Over-merging of Chinese psn_name/psn_id?

This is your chance to raise your questions or discuss challenges, trends and hot topics around patent information from Asian countries.
Post Reply

Posts: 1
Joined: Fri Sep 29, 2023 5:14 pm

Over-merging of Chinese psn_name/psn_id?

Post by bbran » Fri Sep 29, 2023 5:27 pm


I have been trying to link Chinese names to the pinyin inventor names in my PATSTAT dataset. I have been using 'psn_id' for my inventor identification number.

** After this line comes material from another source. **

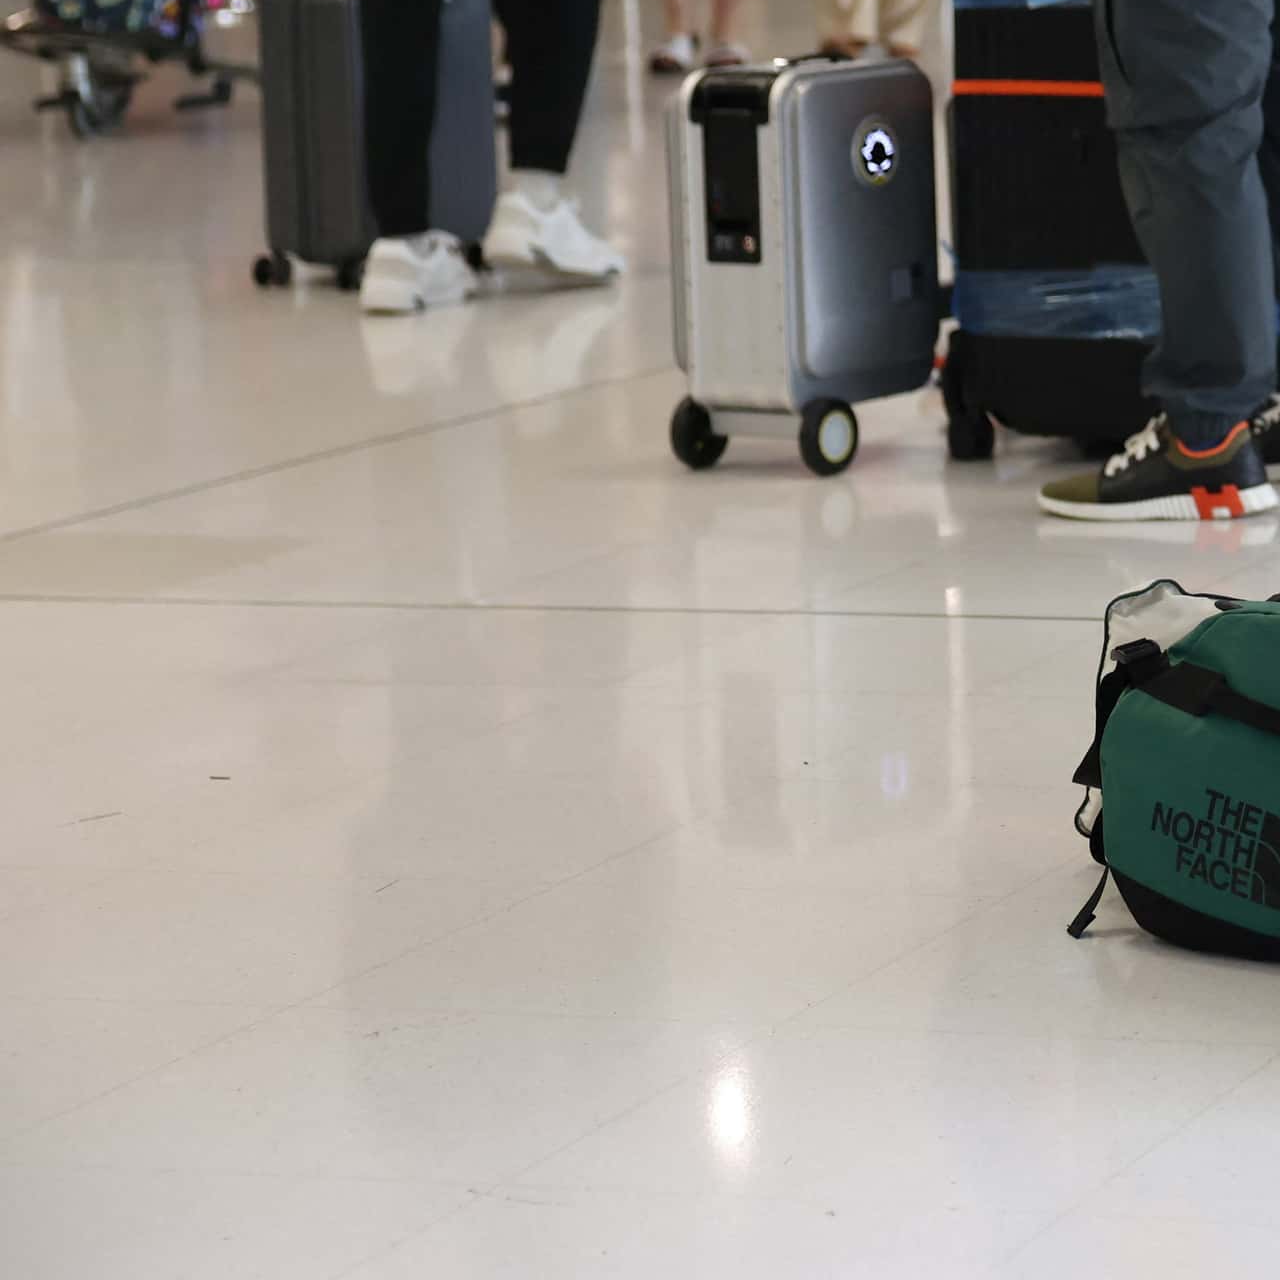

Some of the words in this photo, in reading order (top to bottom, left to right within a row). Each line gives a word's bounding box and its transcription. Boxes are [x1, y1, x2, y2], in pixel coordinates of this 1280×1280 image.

[1151, 801, 1256, 869] NORTH
[1206, 788, 1263, 838] THE
[1175, 844, 1250, 899] FACE
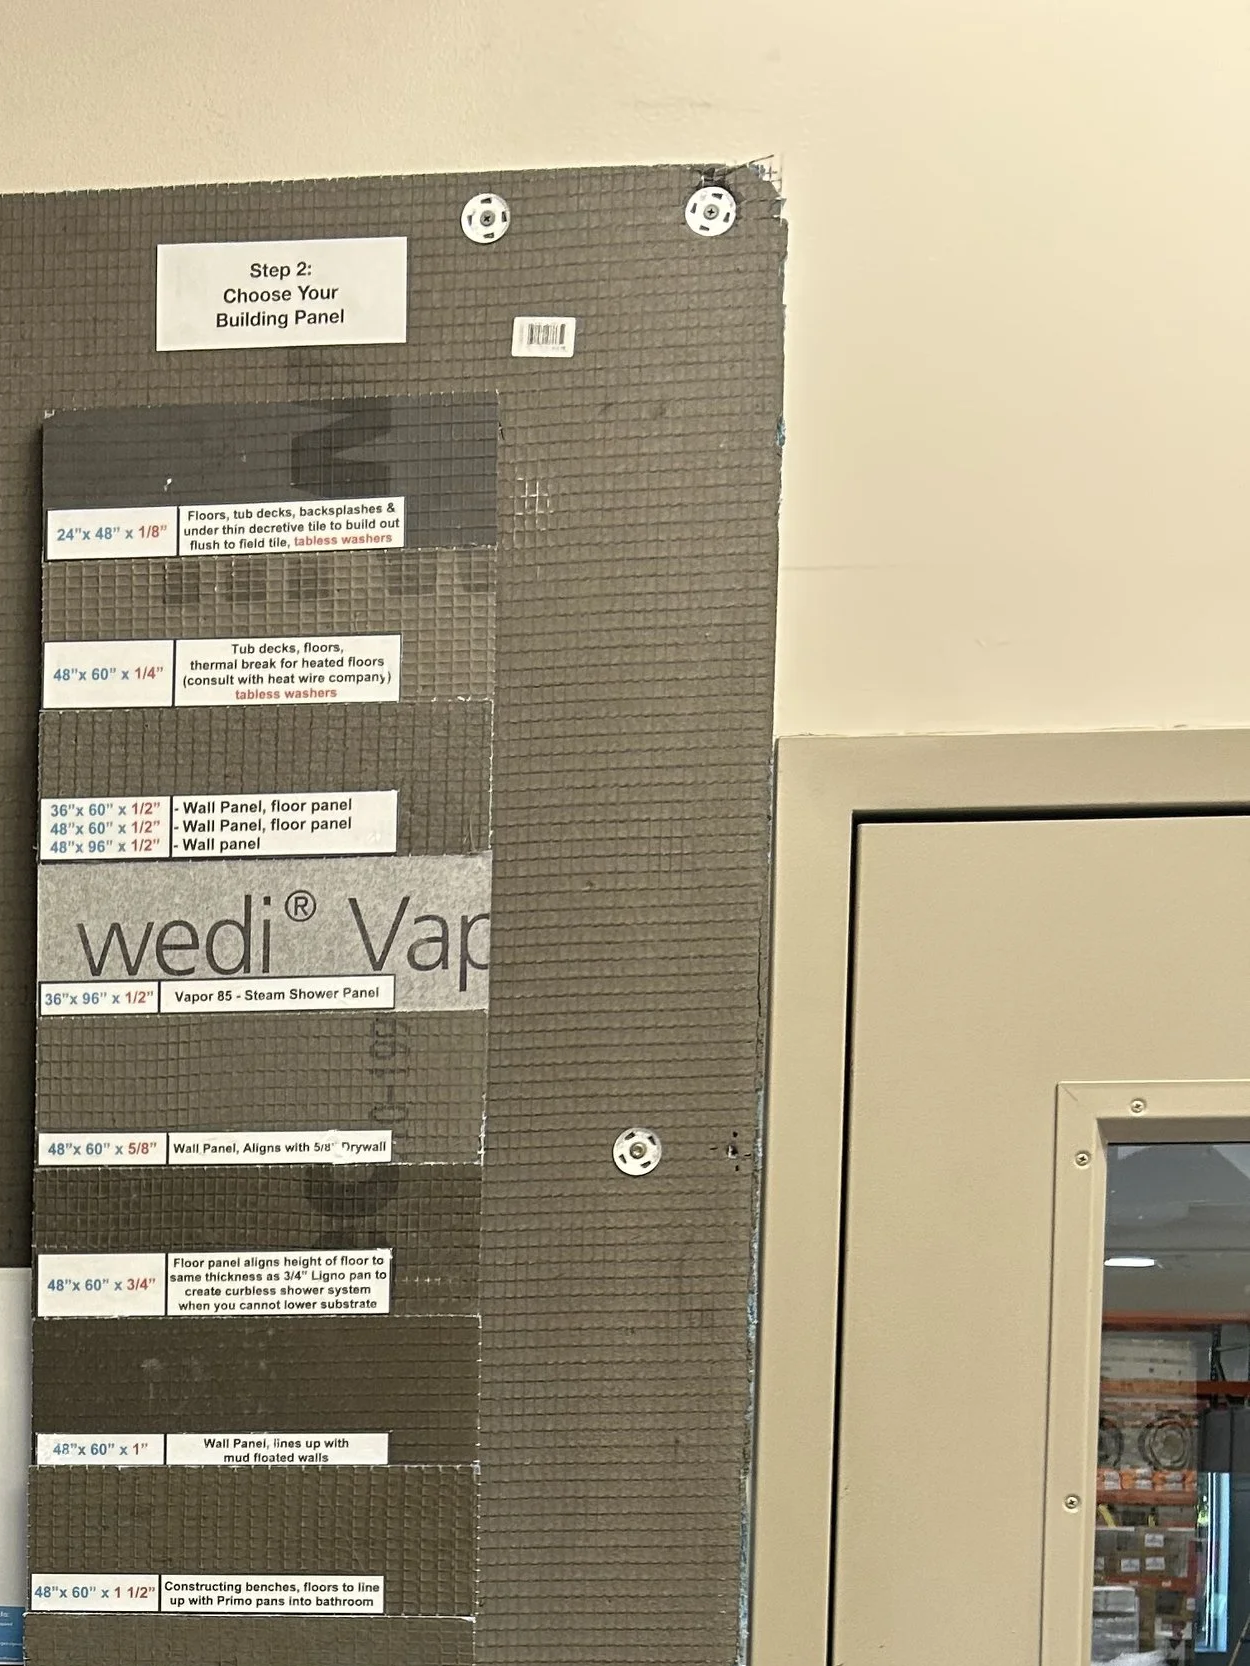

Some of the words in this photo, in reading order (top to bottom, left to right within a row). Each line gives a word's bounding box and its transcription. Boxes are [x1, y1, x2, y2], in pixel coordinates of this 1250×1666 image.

When attempting to match a unique Chinese name to the 'psn_id' for a particular inventor, I found multiple Chinese names connected to the same 'psn_id'. Investigation of the original patents shows that people with different Chinese names have all been harmonized into a single 'psn_id'. Most strange is that the 'psn_level' is 0 for a number of these unique 'person_id's, which I believe means that the 'psn_id' and 'person_id' should be the same.

For an example of this, look at psn_id = 19316927.

I'm curious about whether this a systemic problem across Chinese inventors, or if people think this is an anomaly. If it is a systemic problem, do users generally refrain from using 'psn_id' when analyzing Chinese patents?

Thank you

Posts: 2
Joined: Mon Oct 09, 2023 9:39 am

Re: Over-merging of Chinese psn_name/psn_id?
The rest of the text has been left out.